Add'l edit: found the strike-through! I shouldn't try to be helpful after a rye or two lol


----------



## Robert (Jan 26, 2021)

That metal DC jack isn't going to work unless you're using a plastic enclosure.... The outer sleeve of the DC power plug is positive and will be shorted to ground through the metal enclosure.   You can test it _out_ of the enclosure, but you'll need to replace that jack with a plastic type before installing it back into the enclosure.

Here's the proper pinout of the 1/4" jacks.   You're looking for the Sleeve and Tip lugs (not Switched).


----------



## knucklehead (Jan 26, 2021)

Robert said:


> That metal DC jack isn't going to work unless you're using a plastic enclosure.... The outer sleeve of the DC power plug is positive and will be shorted to ground through the metal enclosure.   You can test it _out_ of the enclosure, but you'll need to replace that jack with a plastic type before installing it back into the enclosure.
> 
> Here's the proper pinout of the 1/4" jacks.   You're looking for the Sleeve and Tip lugs (not Switched).

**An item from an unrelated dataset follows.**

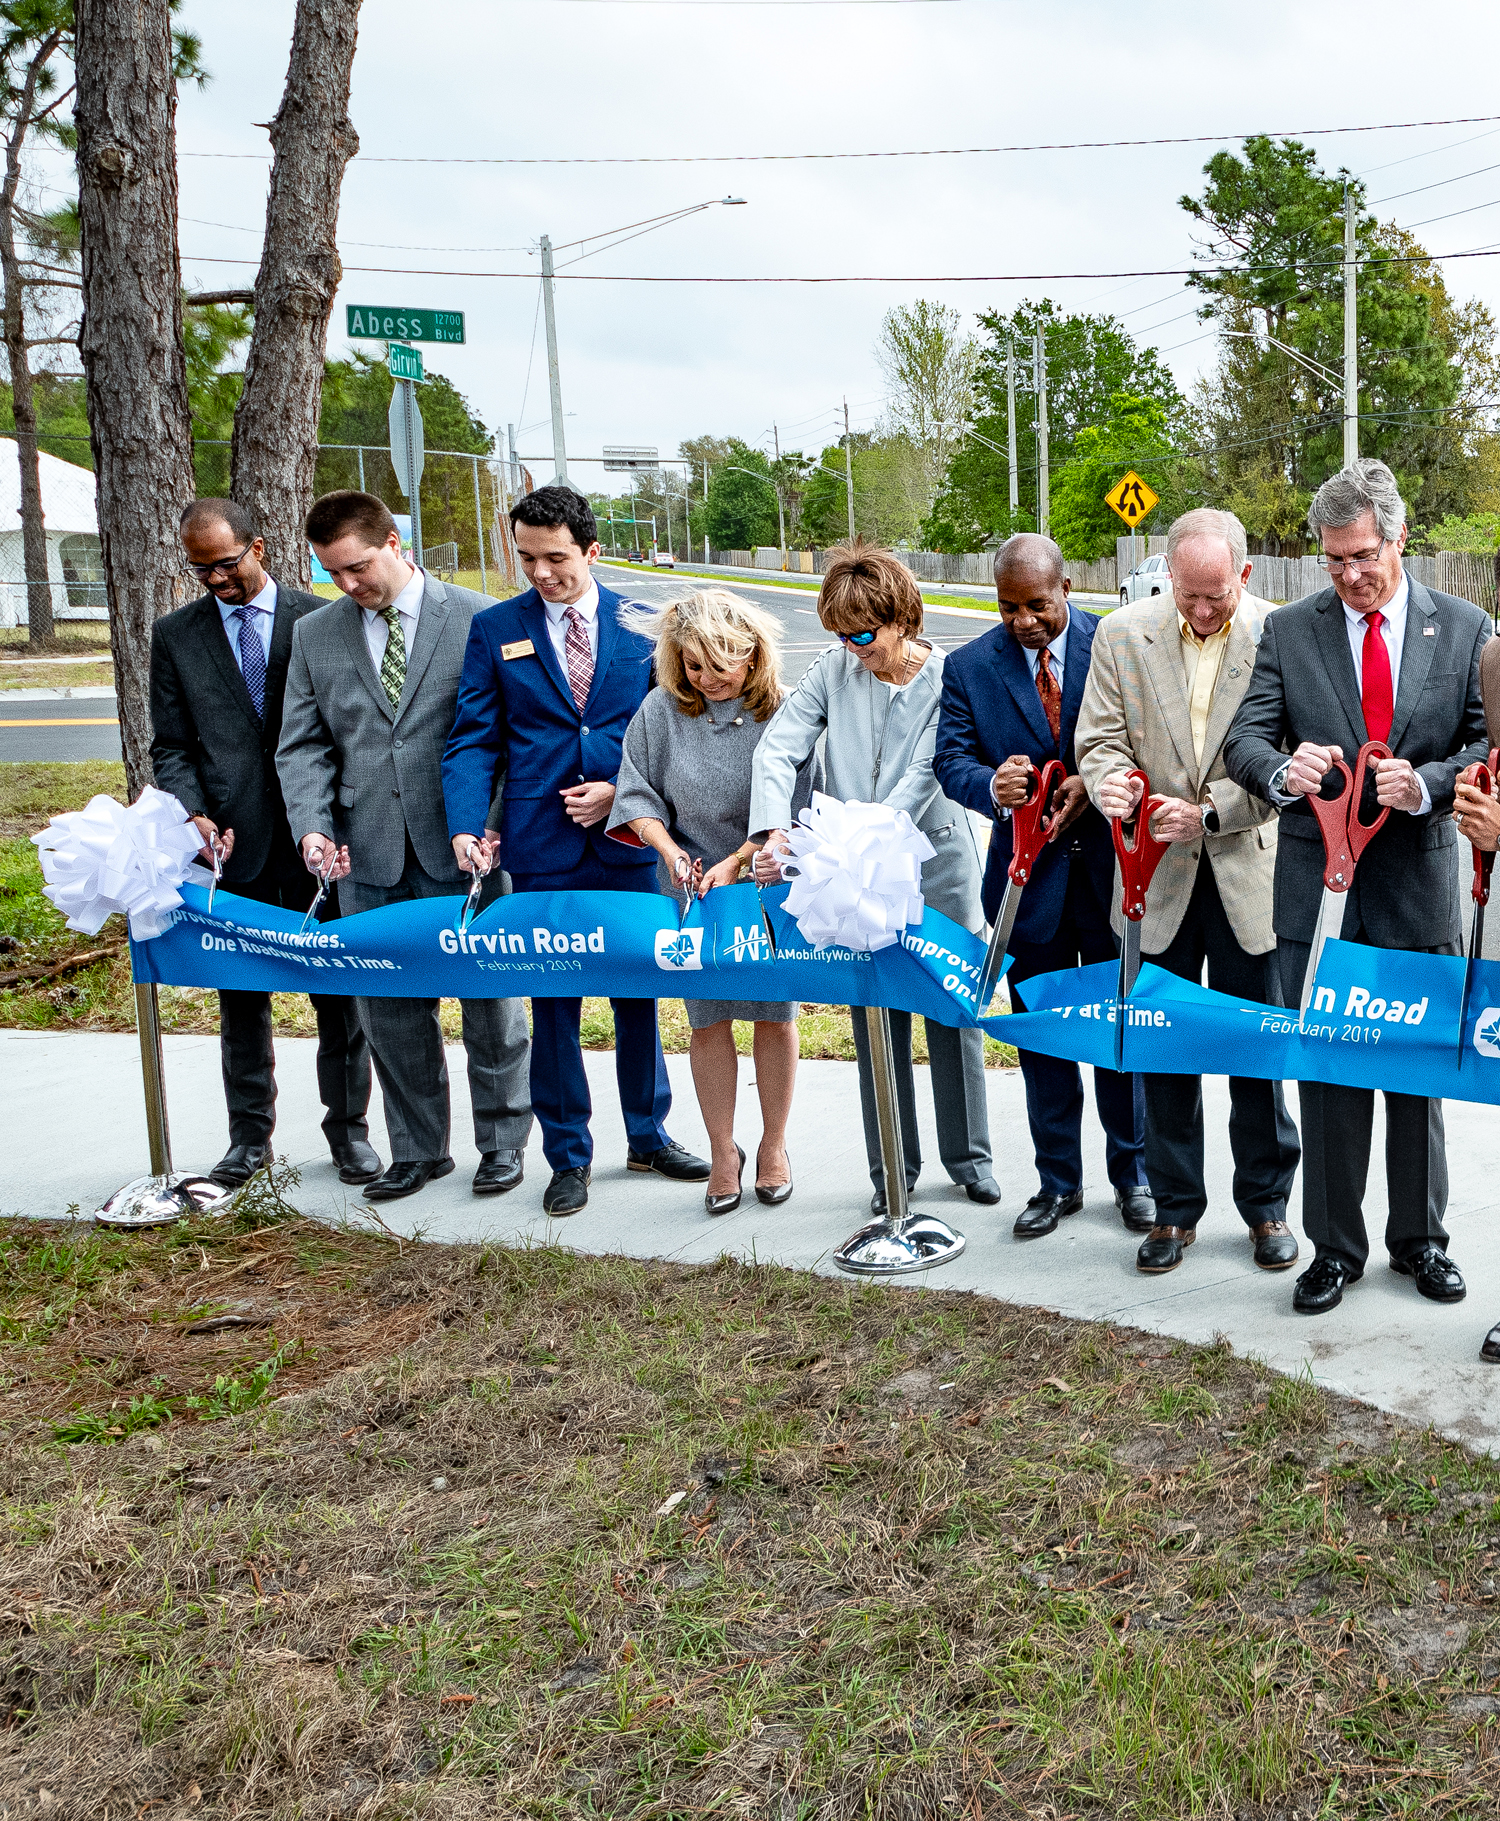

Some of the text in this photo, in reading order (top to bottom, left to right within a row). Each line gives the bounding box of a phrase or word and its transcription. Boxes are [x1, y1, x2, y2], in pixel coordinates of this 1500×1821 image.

Coming up on this myself in a similar build - if I have a plastic, fully insulated power jack will I be able to safely use standard mono 1/4" I/O jacks?


----------



## JBODRUMS (Jan 26, 2021)

Ok I'll have to check with my multimeter on the jacks. I have the new revision. I think the diodes are in the right direction from looking at the pcb.


----------



## dlazzarini (Jan 26, 2021)

It def looks like your jacks are wired wrong.


----------



## Robert (Jan 26, 2021)

knucklehead said:


> Coming up on this myself in a similar build - if I have a plastic, fully insulated power jack will I be able to safely use standard mono 1/4" I/O jacks?



Yes.


----------



## knucklehead (Jan 26, 2021)

Robert said:


> Yes.


Thanks!


----------



## JBODRUMS (Jan 26, 2021)

Robert said:


> That metal DC jack isn't going to work unless you're using a plastic enclosure.... The outer sleeve of the DC power plug is positive and will be shorted to ground through the metal enclosure.   You can test it _out_ of the enclosure, but you'll need to replace that jack with a plastic type before installing it back into the enclosure.
> 
> Here's the proper pinout of the 1/4" jacks.   You're looking for the Sleeve and Tip lugs (not Switched).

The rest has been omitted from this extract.